United Brethren has retired.

What sort of rights are gay rights?

The thing that confuses me about all the discussion regarding homosexuality in the news is that I have very little understanding of what is at stake. What are "gay" rights and are they any different from "human" rights?

I assume that this has to do with issues of adoption and marriage. Perhaps with issues of fair housing and discriminatory treatment. But don't most people agree that (aside from the first two issues named) it really is discriminatory to ban homosexuals from housing, jobs, and so forth? Doesn't that survive the "reasonable man" standard (oh LDS lawyers, hear my plea for clarification)?

Regarding the first two issues, I still don't see how they are solely "gay" issues. If the gay population has it out for children, then don't let them adopt. Also, don't let them out of prison. But there is no proof of this. When the students in my classes object to gay couples adopting, I always ask them why. They never seem to have a well thought-out response. Let's just set aside the issue of sexual abuse for a moment as I think that it has been depressingly demonstrated that no given sexual orientation is free from that blight. So, why?

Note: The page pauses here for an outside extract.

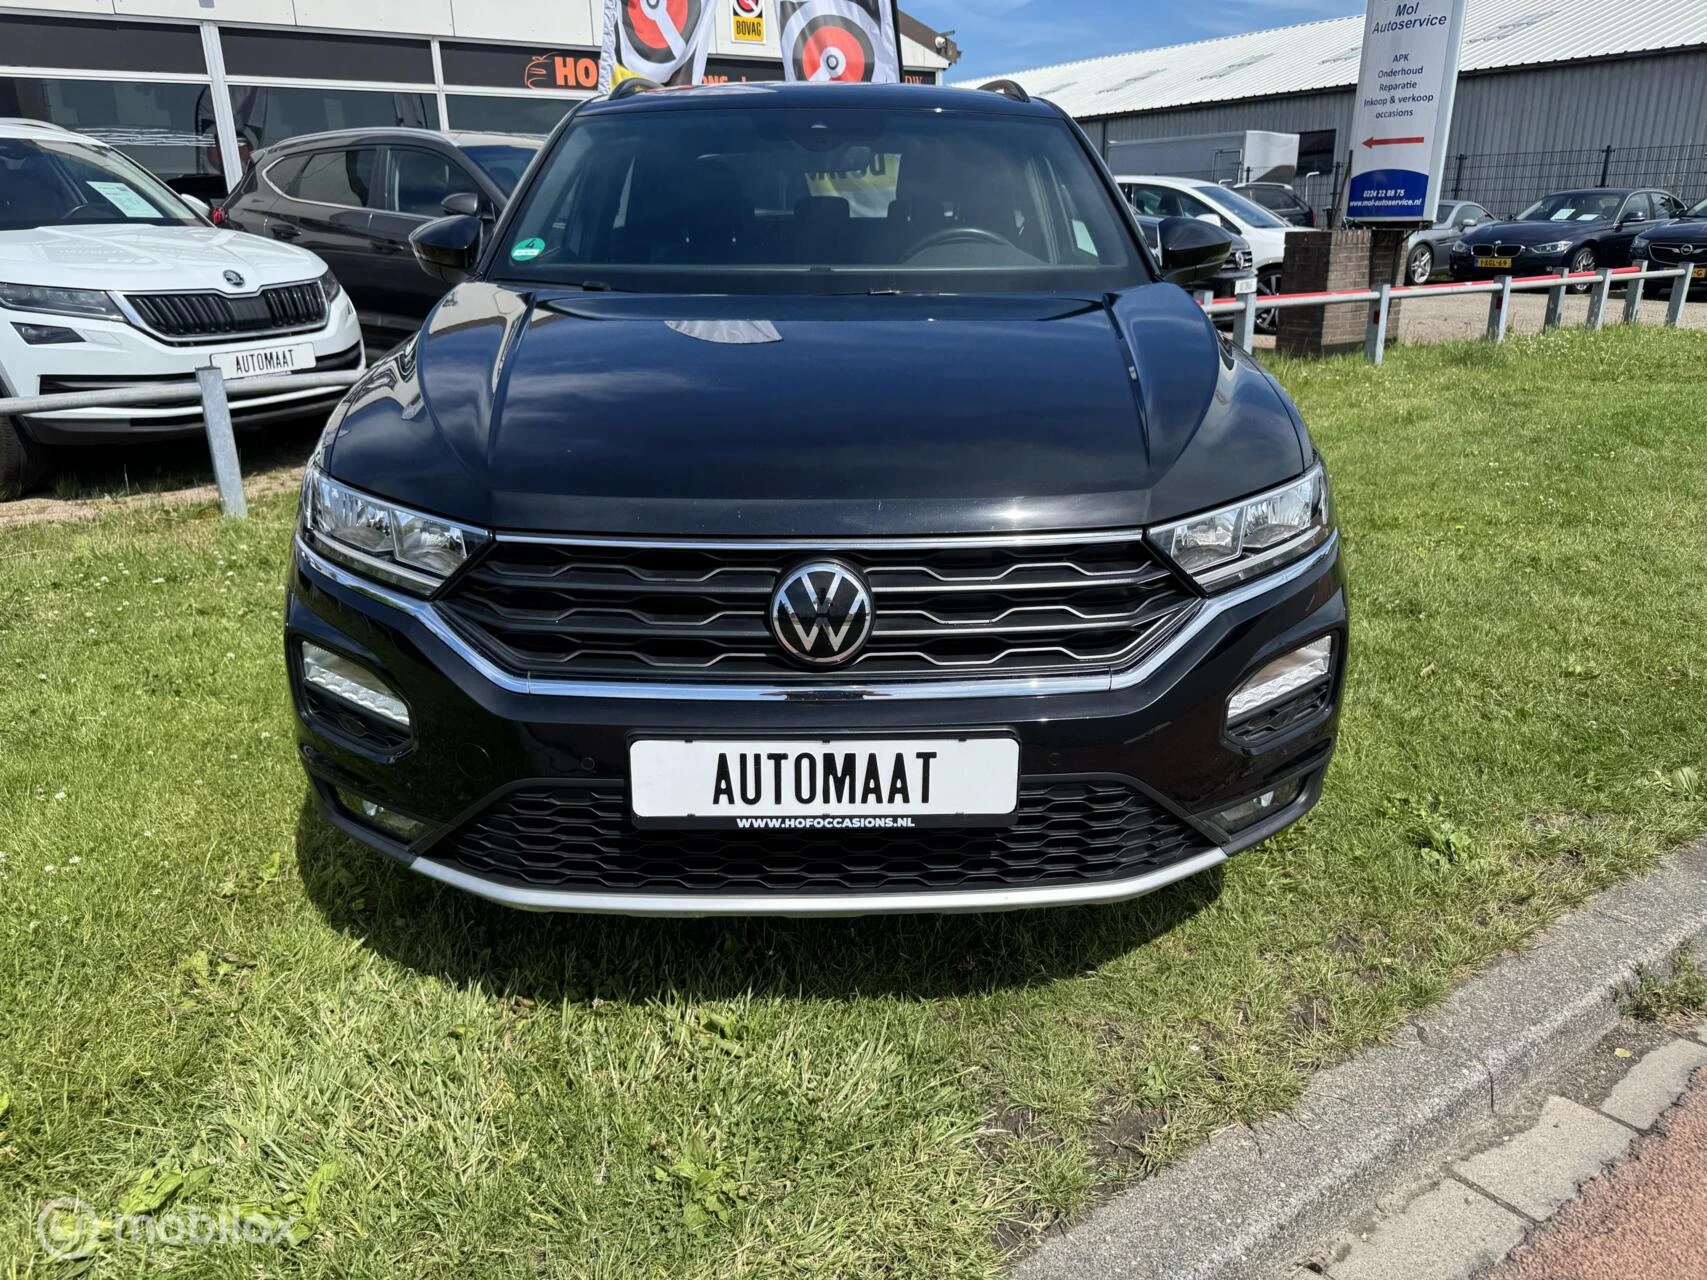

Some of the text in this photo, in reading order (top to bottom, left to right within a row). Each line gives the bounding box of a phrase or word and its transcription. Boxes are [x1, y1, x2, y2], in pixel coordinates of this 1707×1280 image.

Some seem to suggest that it is recruitment (which the parents seem to be accusing the GS/A of in the Salon article that Ronan cites). But why? What loving parent would what their child to go through the hell that is adolescent homosexuality? It doesn't make any sense. And, if the child came out, wouldn't parents who understand be a plus? There is, after all, a reason why teenage suicide is high amongst the gay.

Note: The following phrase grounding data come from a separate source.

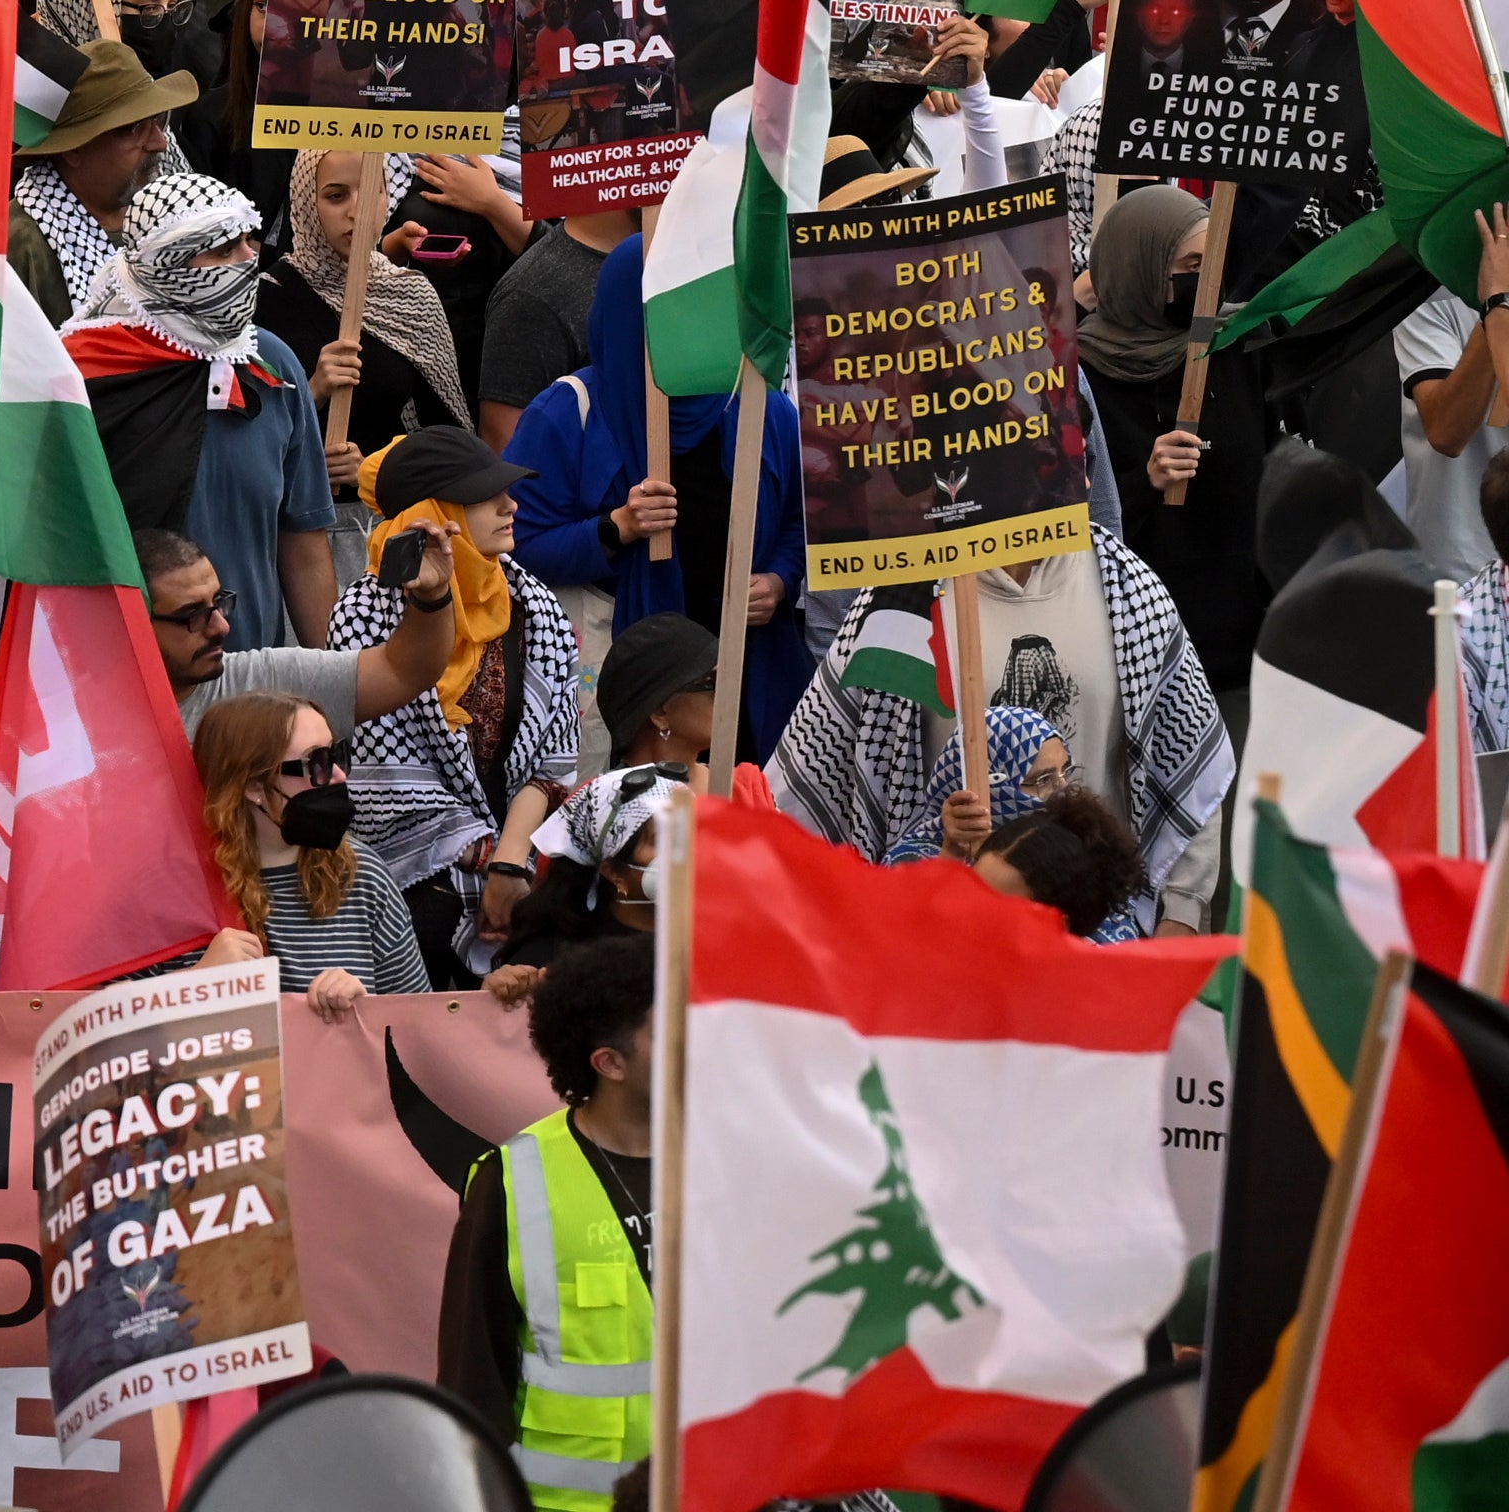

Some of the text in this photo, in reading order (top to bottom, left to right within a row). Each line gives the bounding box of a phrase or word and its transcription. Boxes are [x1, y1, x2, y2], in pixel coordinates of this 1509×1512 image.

[35, 974, 266, 1075] STAND WITH PALESTINE
[40, 1029, 253, 1128] GENOCIDE JOE'S
[43, 1071, 262, 1191] LEGACY:
[47, 1134, 266, 1243] THE BUTCHER
[51, 1185, 274, 1308] OF GAZA
[119, 1342, 293, 1400] AID TO ISRAEL

The other issue my students have come up with regarding denying gays the right to adopt is that it would teach children that the gay lifestyle is ok. But what is the "gay lifestyle"? No one seems to have defined it. For conservatives it is apparently a non-stop 24 hour orgy. For homosexual advocates, it is monogamous and conservative. The truth is obviously somewhere in between, but, again based on my anecdotal evidence, I would guess it is closer to the second view (sex is far too complicated to really be that easy to come by). Nonetheless, social conservatives would object to anyone with a PARTY, PARTY, PARTY attitude adopting, as would most people (such things usually only happen in Hollywood movies). So why single out gays? Demonstrate to me what is unique about the "gay" lifestyle that is not found in hetero couplings and I would be happy to consider if it is destructive enough to condemn it. Unfortunately no one ever speaks in specifics.

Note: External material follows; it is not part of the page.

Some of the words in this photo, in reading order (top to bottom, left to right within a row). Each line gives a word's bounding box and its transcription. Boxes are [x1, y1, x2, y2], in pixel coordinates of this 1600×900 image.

Regarding marriage, most often people seem to me to couch this argument in the wrong terms. People always talk about is homosexual love a "right" or some such. Whether or not homosexual love is legitimate is not the issue with gay marriag. Rather, it is an issue regarding the privileged position that hetero marriage enjoys in society. If it seems unjust or unfair to you that hetero marriage is given a privileged status, then you may find the elements for gay marriage compelling. If you don't think the privileged place is unfair or unjustified, then you have no issue with this. Clearly some people would like to have this privileges revoked (or rather expanded to all), which is probably what the Church finds objectionable.

If homosexuality is biologically-based, I find it hard to believe that the Church would find homosexuality itself sinful. Can it be a sin if it is built in? Well, if you act on it, sure. Much like how LDS alcoholics sin when they drink, even though they are influenced biologically. But if an alcoholic isn't drinking, it isn't a sin for him or anybody else. If if it is a sin to drink, then it is a sin for everyone, not just alcoholics.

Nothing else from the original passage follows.